### Work instruction
Among the entries below, only the lines from the one with "this 1287×1287 image." through the one with "this 2353×1568 image." are wanted, reproduced exactly. Pictures are not wanted.
▼
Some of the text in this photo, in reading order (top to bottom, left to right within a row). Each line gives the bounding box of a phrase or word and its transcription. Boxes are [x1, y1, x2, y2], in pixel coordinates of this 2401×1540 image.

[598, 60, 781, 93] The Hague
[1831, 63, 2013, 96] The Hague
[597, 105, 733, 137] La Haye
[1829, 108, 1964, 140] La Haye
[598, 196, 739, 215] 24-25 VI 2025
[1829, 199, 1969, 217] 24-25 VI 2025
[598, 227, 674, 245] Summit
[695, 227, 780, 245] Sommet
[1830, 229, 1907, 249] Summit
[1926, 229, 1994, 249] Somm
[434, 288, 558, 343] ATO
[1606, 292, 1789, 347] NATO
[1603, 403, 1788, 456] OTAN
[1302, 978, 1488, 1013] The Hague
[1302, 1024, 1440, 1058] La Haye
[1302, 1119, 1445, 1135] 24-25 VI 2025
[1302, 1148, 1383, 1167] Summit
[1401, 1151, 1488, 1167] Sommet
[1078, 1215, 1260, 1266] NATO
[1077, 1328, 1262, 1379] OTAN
▲
▼
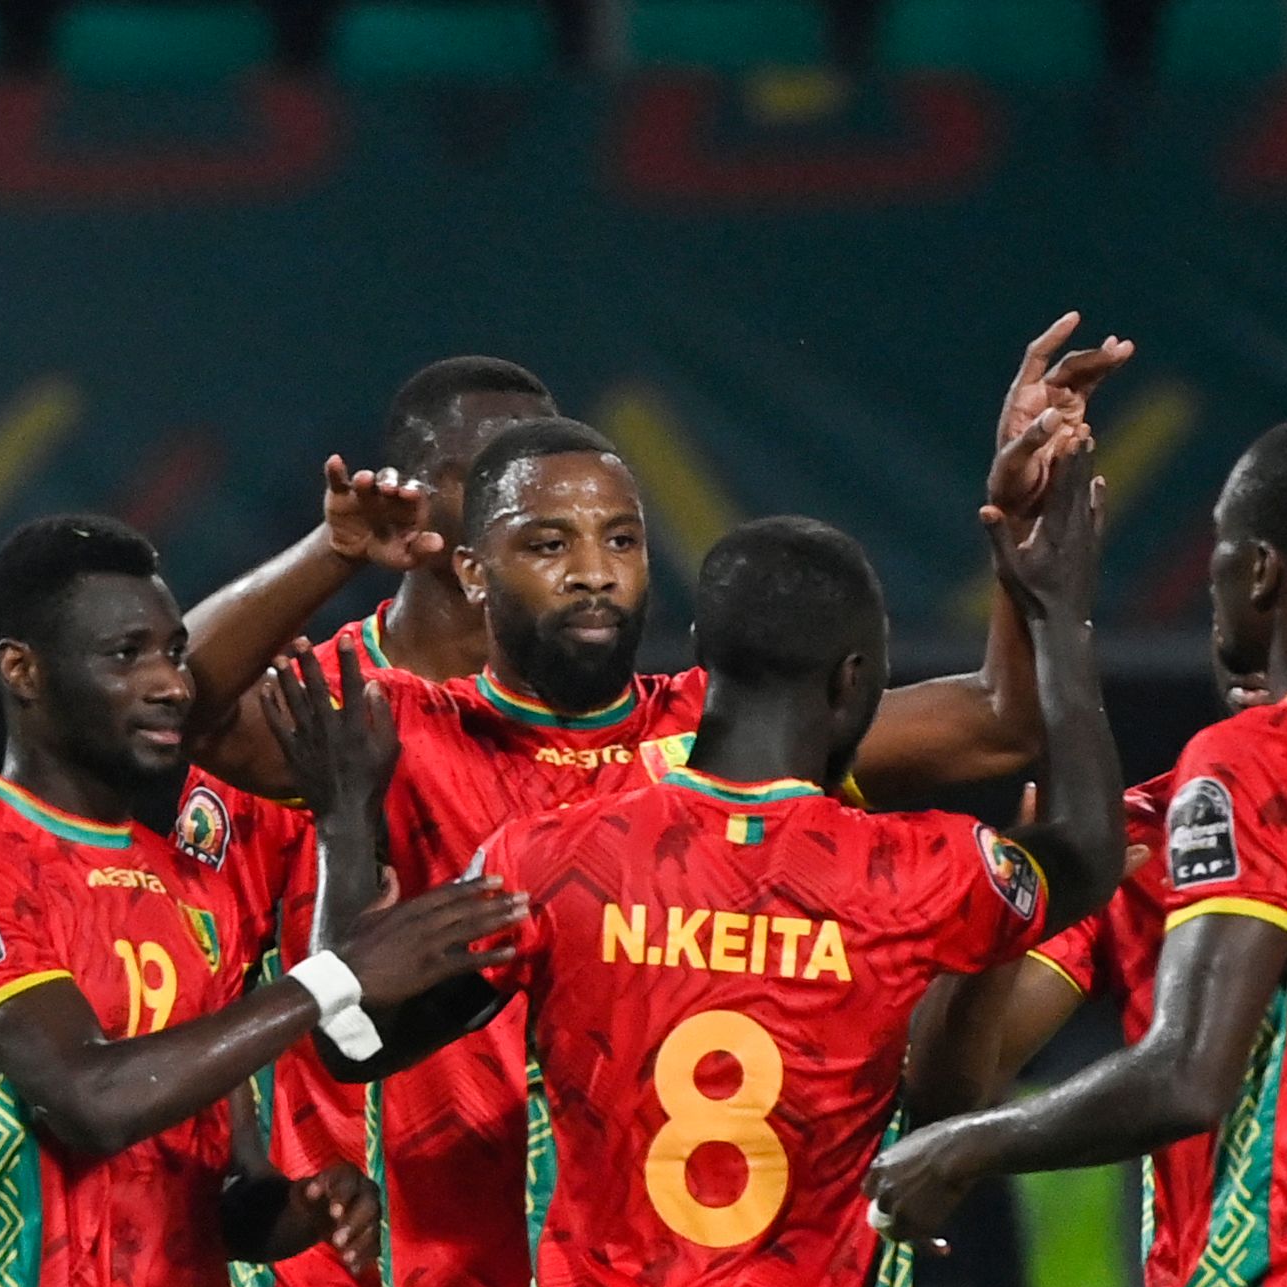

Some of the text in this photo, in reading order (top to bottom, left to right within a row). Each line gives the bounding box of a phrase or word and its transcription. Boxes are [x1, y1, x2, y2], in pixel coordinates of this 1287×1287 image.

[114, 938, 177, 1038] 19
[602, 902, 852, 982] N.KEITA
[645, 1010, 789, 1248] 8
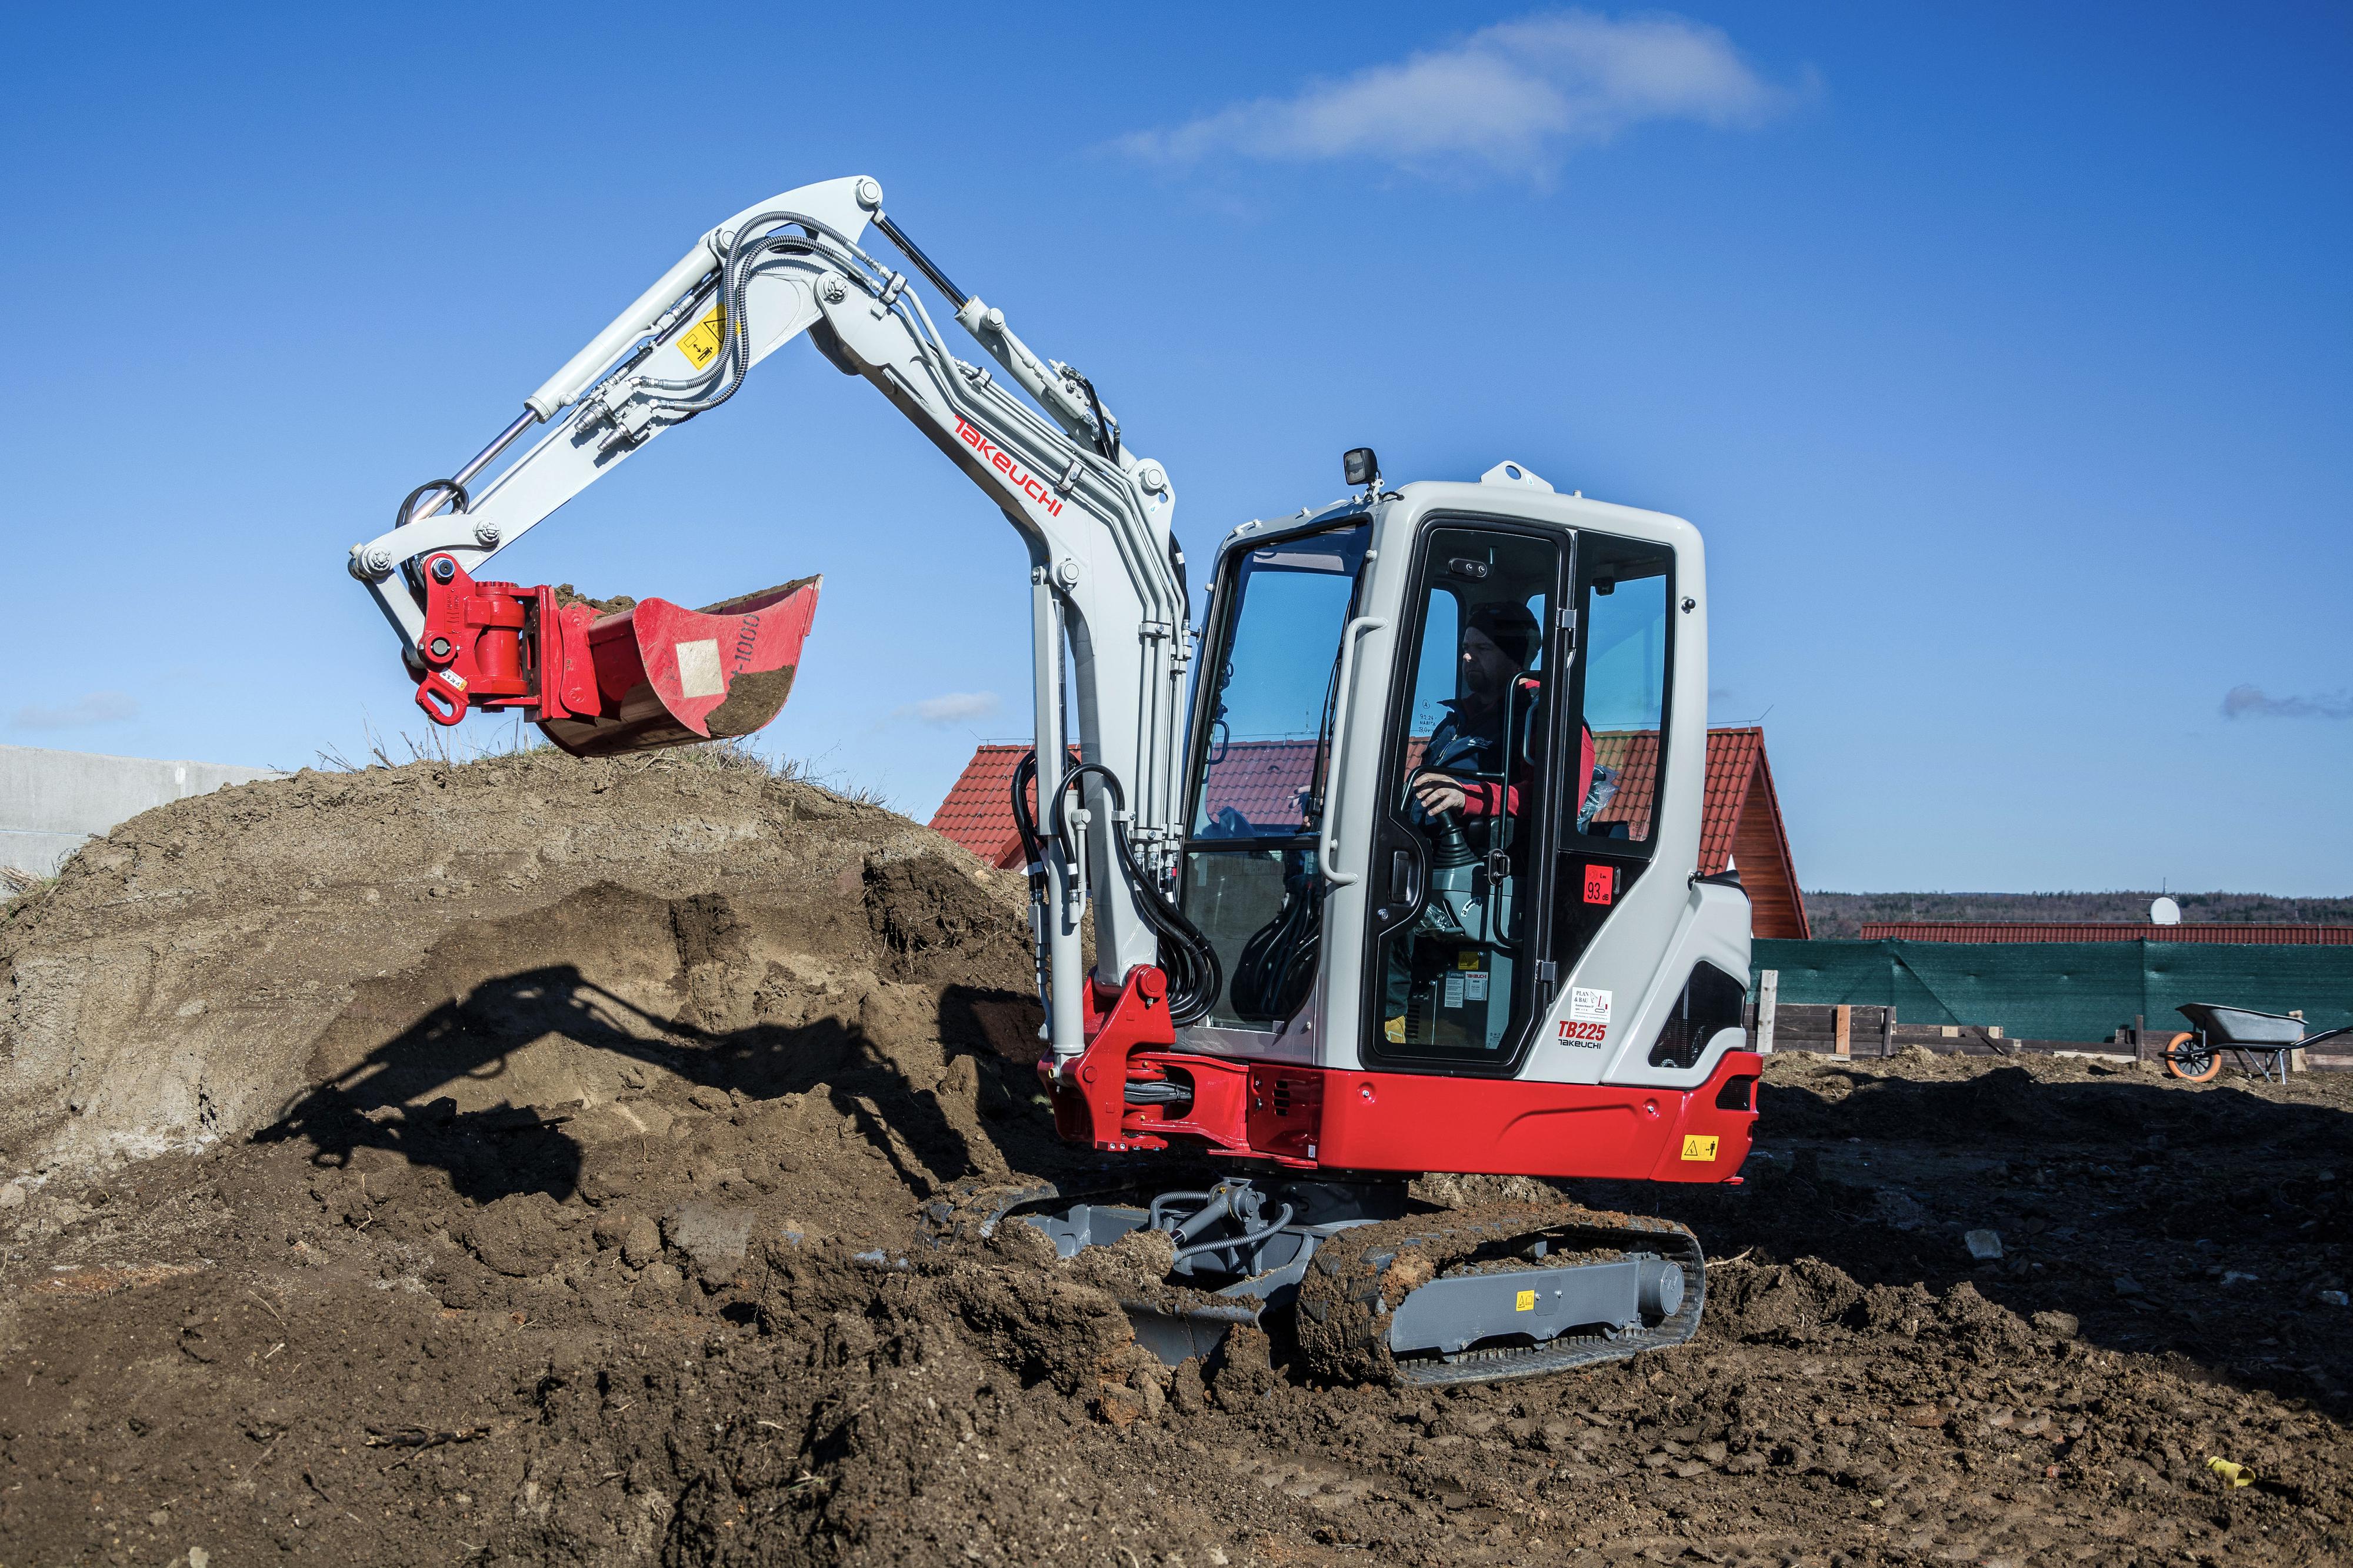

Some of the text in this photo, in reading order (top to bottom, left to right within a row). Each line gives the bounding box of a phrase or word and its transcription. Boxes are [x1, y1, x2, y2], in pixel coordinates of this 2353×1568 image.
▲
### Written reply
Some of the text in this photo, in reading order (top to bottom, left to right within a row). Each line gives the bounding box of a phrase or word and its transcription. Boxes are [x1, y1, x2, y2], in pixel coordinates of this 1287×1287 image.

[114, 938, 177, 1038] 19
[602, 902, 852, 982] N.KEITA
[645, 1010, 789, 1248] 8

Some of the text in this photo, in reading order (top to bottom, left to right within a row). Each line gives the bounding box of a phrase or word and its transcription. Boxes are [x1, y1, x2, y2], in pixel coordinates of this 2353×1568 image.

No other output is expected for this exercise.